Why Rare Wine Collecting Is Kind Of Like Having Sex With Animals (Thoughts On The Rudy Kurniawan Fraud Trial)

Vinted on January 7, 2014 binned in best of, commentary, wine news

By now, you’ll probably have heard that alleged fine wine counterfeiter Rudy Kurniawan has been found guilty of fraud in court (well, he was found guilty of wine fraud during trial in court, not found guilty within a court, although technically actually he was found guilty within a court room… oh, forget it).

You’ll also, no doubt, be nursing a raging New Year’s Eve hangover. So I’ll try to make this pithy since most likely I will also be nursing some manner of raging NYE hangover.

In the event that you’re a self-professed wine geek who hasn’t yet gotten up to speed on the whole Kurniawan Kerfuffle, I recommend taking a quick diversion over to the fine summary of Kurniawan’s alleged fraudulent activities at NPR, so that you can do a rapid catch-up.

All set? Good. Now I can explain why Kurniawan’s guilty verdict means almost nothing whatsoever to the fine wine market, and why I think it will almost certainly not even make a dent in the purchases of fraudulent wine worldwide.

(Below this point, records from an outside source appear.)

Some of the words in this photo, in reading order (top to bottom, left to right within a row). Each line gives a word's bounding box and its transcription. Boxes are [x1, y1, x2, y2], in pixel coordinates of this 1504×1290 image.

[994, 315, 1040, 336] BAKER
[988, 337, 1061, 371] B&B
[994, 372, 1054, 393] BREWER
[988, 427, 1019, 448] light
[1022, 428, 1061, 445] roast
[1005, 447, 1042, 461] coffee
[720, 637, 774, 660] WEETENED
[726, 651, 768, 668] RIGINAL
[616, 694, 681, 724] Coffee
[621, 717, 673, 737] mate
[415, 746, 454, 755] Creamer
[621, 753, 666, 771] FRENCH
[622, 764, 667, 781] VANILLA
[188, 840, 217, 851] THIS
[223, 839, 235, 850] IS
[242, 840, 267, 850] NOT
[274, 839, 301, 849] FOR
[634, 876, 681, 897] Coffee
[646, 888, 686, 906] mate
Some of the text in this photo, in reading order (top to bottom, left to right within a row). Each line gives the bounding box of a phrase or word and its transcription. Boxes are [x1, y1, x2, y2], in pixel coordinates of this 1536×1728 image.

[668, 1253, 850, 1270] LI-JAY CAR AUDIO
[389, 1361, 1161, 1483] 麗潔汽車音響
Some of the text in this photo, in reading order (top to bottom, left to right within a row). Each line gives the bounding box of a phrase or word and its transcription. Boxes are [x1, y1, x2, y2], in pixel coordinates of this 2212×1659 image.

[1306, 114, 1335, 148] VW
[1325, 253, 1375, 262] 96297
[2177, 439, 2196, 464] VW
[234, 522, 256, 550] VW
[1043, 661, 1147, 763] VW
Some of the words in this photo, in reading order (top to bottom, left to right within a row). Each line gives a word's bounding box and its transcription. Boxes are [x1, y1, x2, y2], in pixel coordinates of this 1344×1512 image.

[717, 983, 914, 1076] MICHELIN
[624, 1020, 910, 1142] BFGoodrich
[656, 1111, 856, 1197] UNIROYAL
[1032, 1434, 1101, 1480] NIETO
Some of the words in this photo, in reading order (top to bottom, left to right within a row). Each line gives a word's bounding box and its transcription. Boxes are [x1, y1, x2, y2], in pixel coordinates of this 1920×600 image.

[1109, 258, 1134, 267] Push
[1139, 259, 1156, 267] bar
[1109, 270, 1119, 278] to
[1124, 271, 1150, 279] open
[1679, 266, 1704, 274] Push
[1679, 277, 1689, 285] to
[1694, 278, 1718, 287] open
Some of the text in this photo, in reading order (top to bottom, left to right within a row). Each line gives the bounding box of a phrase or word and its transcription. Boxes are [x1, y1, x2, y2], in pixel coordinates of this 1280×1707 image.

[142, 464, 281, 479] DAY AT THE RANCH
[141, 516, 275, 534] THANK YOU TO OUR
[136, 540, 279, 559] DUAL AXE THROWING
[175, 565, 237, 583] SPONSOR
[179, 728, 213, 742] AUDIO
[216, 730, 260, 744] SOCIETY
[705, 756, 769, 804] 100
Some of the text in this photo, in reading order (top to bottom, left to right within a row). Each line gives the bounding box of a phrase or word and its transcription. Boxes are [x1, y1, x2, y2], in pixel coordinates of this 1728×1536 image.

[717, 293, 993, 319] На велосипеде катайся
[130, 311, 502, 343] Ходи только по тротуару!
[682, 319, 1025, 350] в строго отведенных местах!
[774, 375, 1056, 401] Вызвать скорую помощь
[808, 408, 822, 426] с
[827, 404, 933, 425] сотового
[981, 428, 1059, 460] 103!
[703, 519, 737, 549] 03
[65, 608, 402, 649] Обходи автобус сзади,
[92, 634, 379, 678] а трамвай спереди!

But, in order to do that, I first need to explain why the collecting of rare fine wines is like having sex with animals

In one of the behavioral experiments recounted in Dan Ariely’s excellent book Predictably Irrational, participants were asked to answer questions such as whether or not they’d consider having unprotected sex, or would find sexual encounters involving animals enjoyable. As you might predict, the answers to those questions were obvious in the extreme when participants were in a normal, relaxed state (the most common answer to both being “No”). But how do you think those same participants answered when they were in a sexually aroused state? It was as if two different people were taking the questionnaire, two people living in the same mind but who apparently had little contact with one another; there were large, statistically relevant jumps in the affirmative answers (yes, even to the bestiality-themed question). The major point is that as humans we do things in aroused states that our more logical, reposed selves would find bizarre and disarming.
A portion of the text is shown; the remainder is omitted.